# WORK TO COMPLETE
Copy every entry word for word. Skip the pictures.

# RECORDS FOR THE TASK
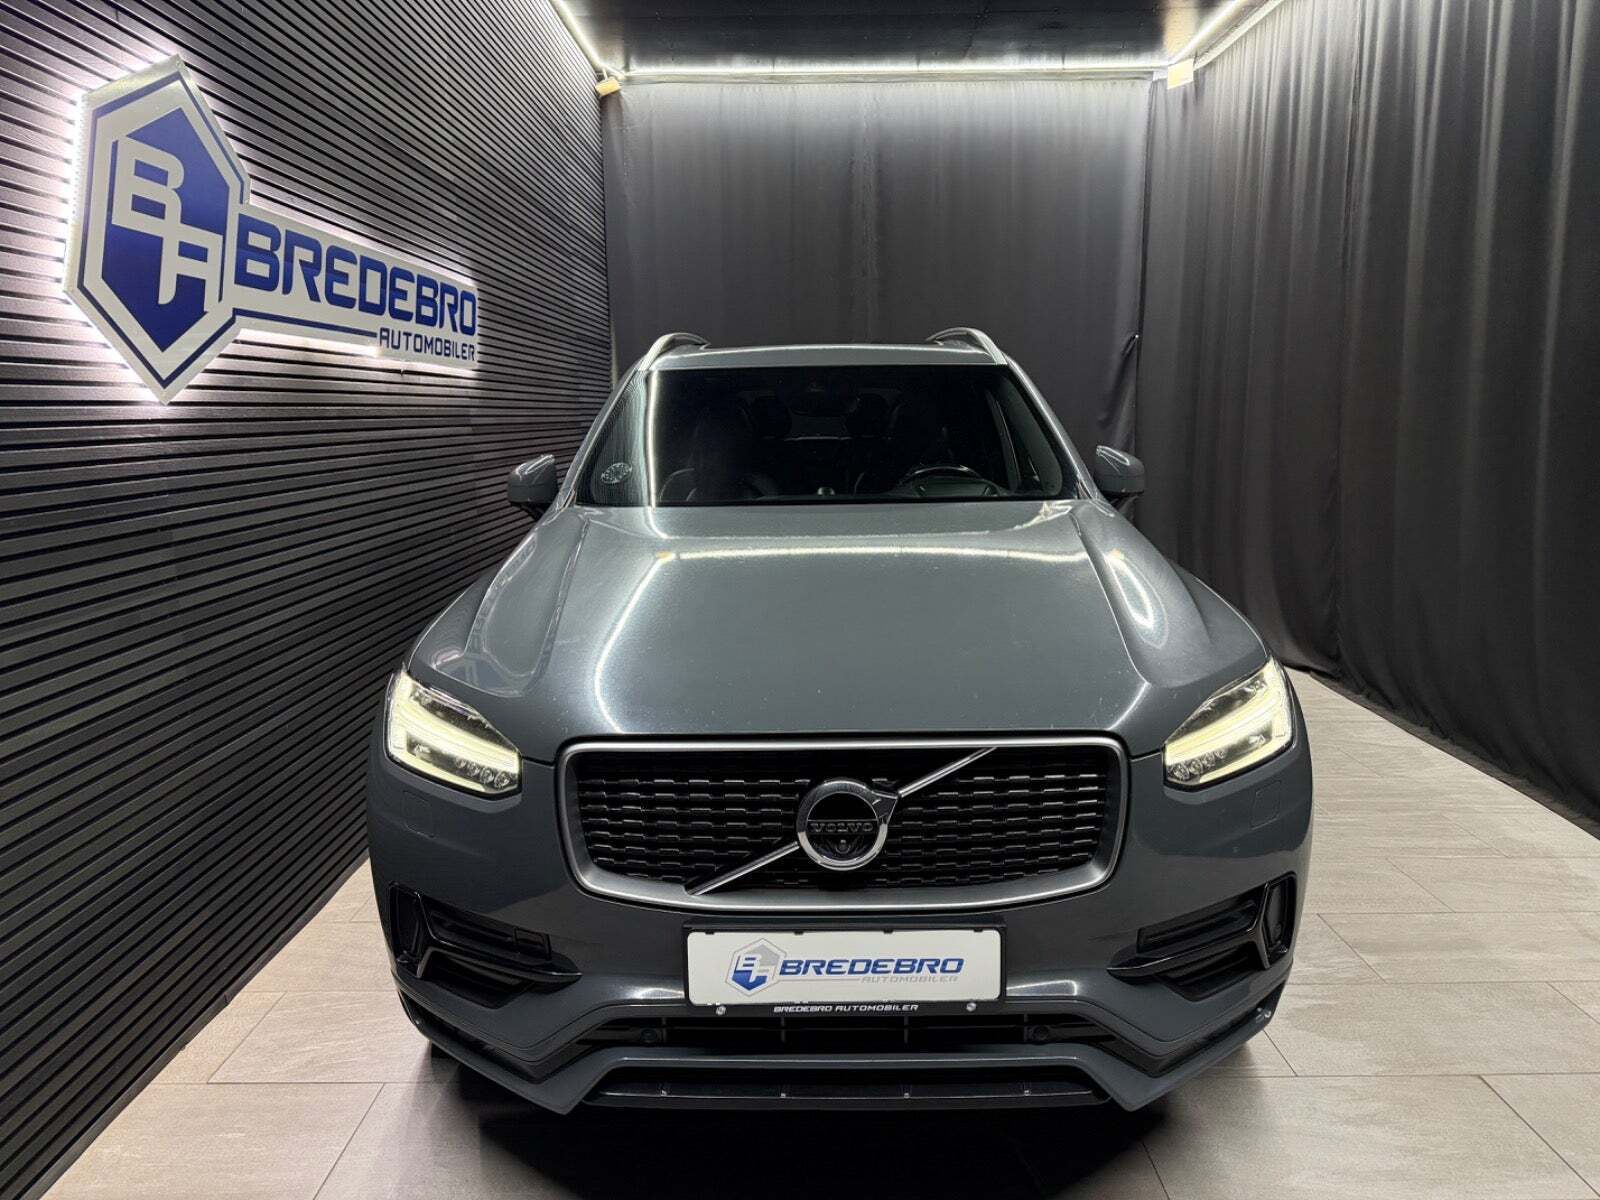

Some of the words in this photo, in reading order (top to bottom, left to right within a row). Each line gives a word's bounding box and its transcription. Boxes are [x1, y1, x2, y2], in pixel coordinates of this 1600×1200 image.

[234, 212, 477, 337] BREDEBRO
[378, 326, 477, 362] AUTOMOBILER
[810, 822, 874, 833] VOLVO
[779, 957, 965, 976] BREDEBRO
[860, 975, 959, 983] AUTOMOBILER
[773, 1004, 833, 1013] BREDEBRO
[834, 1003, 919, 1012] AUTOMOBILER
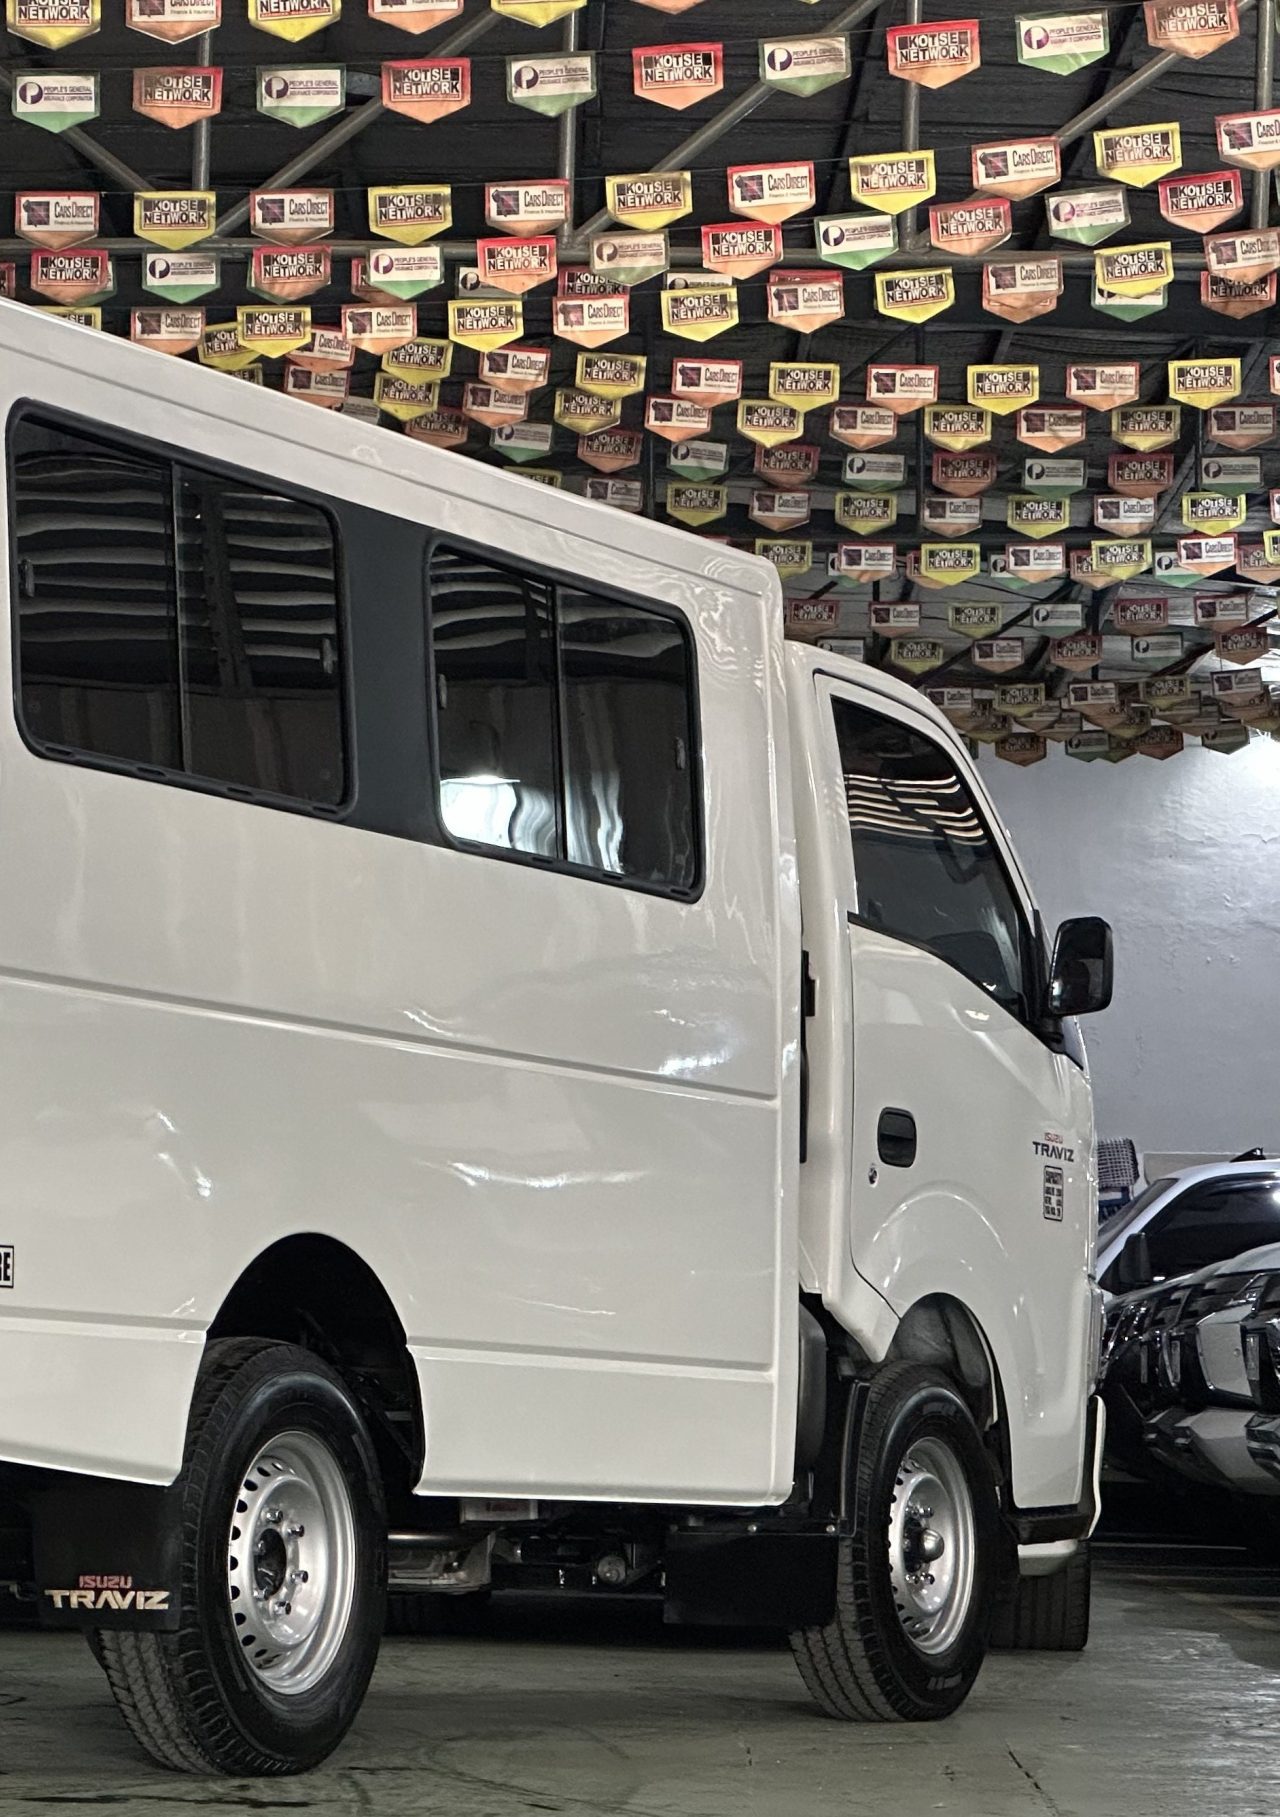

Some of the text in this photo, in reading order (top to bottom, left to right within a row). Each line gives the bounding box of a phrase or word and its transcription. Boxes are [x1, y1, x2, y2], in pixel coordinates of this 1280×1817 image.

# RESPONSE
Some of the words in this photo, in reading order (top to bottom, left to right within a row). Each line gives a word's bounding box and its transcription. Boxes are [x1, y1, x2, y2], in pixel coordinates of this 1600×1200 image.

[234, 212, 477, 337] BREDEBRO
[378, 326, 477, 362] AUTOMOBILER
[810, 822, 874, 833] VOLVO
[779, 957, 965, 976] BREDEBRO
[860, 975, 959, 983] AUTOMOBILER
[773, 1004, 833, 1013] BREDEBRO
[834, 1003, 919, 1012] AUTOMOBILER

Some of the text in this photo, in reading order (top to bottom, left to right within a row). Each line gives the bounding box of a phrase or word and its transcription. Boxes are [x1, y1, x2, y2], in pixel coordinates of this 1280×1817 image.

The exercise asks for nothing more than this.